Writing Deploys

The definitive guide to writing pyinfra deploys.

What is a pyinfra deploy?

A deploy represents a collection of inventory (hosts to target), data (configuration, templates, files) and operations (changes/state to apply to the inventory). Deploys are written in standard Python, and other packages can be used as needed.

Layout

  • *.py - top-level operations

  • inventories/*.py - groups of hosts and individual host data

  • group_data/*.py - arbitrary data for host groups

  • templates/*.j2 - jinja2 <https://jinja.palletsprojects.com> template files

  • files/* - normal/non-template files

  • tasks/*.py - operations to perform a specific task

  • config.py - optional configuration and hooks

Inventory

Inventory files contain groups of hosts. Groups are defined as a list or tuple of hosts. For example, this inventory creates two groups, “app_servers” and “db_servers”:

# inventories/production.py

app_servers = [
    'app-1.net',
    'app-2.net'
]

db_servers = [
    'db-1.net',
    'db-2.net',
    'db-3.net'
]

In addition to the groups defined in the inventory, all the hosts are added to two more groups: “all” and the name of the inventory file, in this case “production”. Both can be overriden by defining them in the inventory.

Data

Data allows you to separate deploy variables from the deploy script. With data per host and per group, you can easily build deploys that satisfy multiple environments. The data example deploy shows this in action.

Host Data

Arbitrary data can be assigned in the inventory and used at deploy-time. You just pass a tuple (hostname, data) instead of just the hostname:

# inventories/production.py

app_servers = [
    'app-1.net',
    ('app-2.net', {'some_key': True})
]

Group Data

Group data files can be used to attach data to groups of host. They are placed in group_data/<group_name>.py. This means group_data/all.py can be used to attach data to all hosts.

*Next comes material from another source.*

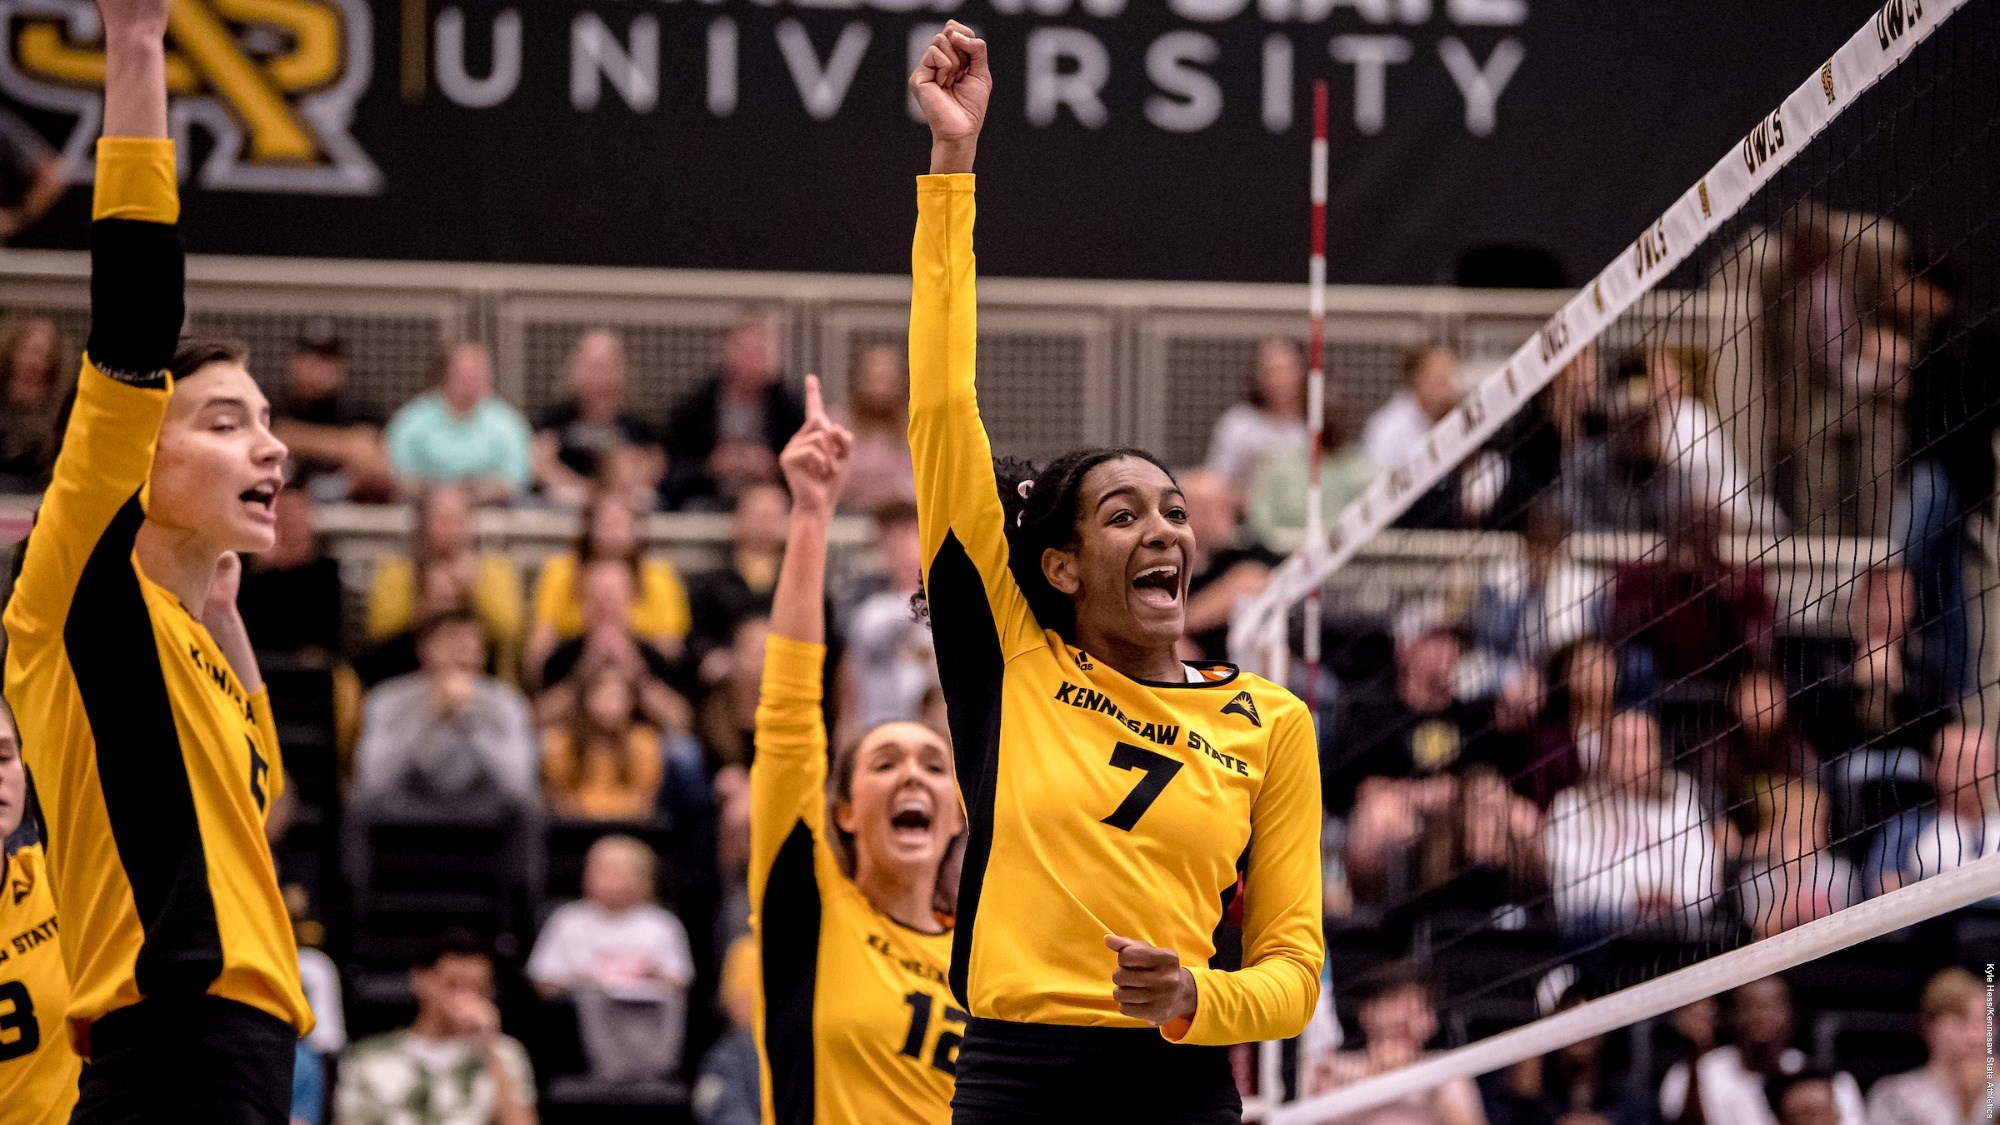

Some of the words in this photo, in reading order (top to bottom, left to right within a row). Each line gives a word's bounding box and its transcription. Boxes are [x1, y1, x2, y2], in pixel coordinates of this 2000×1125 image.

Data files are just Python, any core types will be included:

# group_data/production.py

app_user = 'myuser'
app_dir = '/opt/myapp'

Authenticating with Data

Instead of passing --key, --user, etc to the CLI, or running a SSH agent, you can define these details within host and group data. The attributes available:

ssh_port = 22
ssh_user = 'ubuntu'
ssh_key = '~/.ssh/some_key'
ssh_key_password = 'password for key'
# ssh_password = 'Using password authorization is bad. Preferred option is ssh_key.'

Data Hierarchy

The same keys can be defined for host and group data - this means we can set a default in all.py and override it on a group or host basis. When accessing data, the first match in the following is returned:

  • “Override” data passed in via CLI args

  • Host data as defined in the inventory file

  • Normal group data

  • “all” group data

Note

pyinfra contains a debug-inventory command which can be used to explore the data output per-host for a given inventory/deploy, ie pyinfra inventory.py debug-inventory.

Operations

Now that you’ve got an inventory of hosts and know how to authenticate with them, you can start writing operations. Operations are used to describe changes to make to the systems in the inventory. Operations are namespaced and imported from pyinfra.modules.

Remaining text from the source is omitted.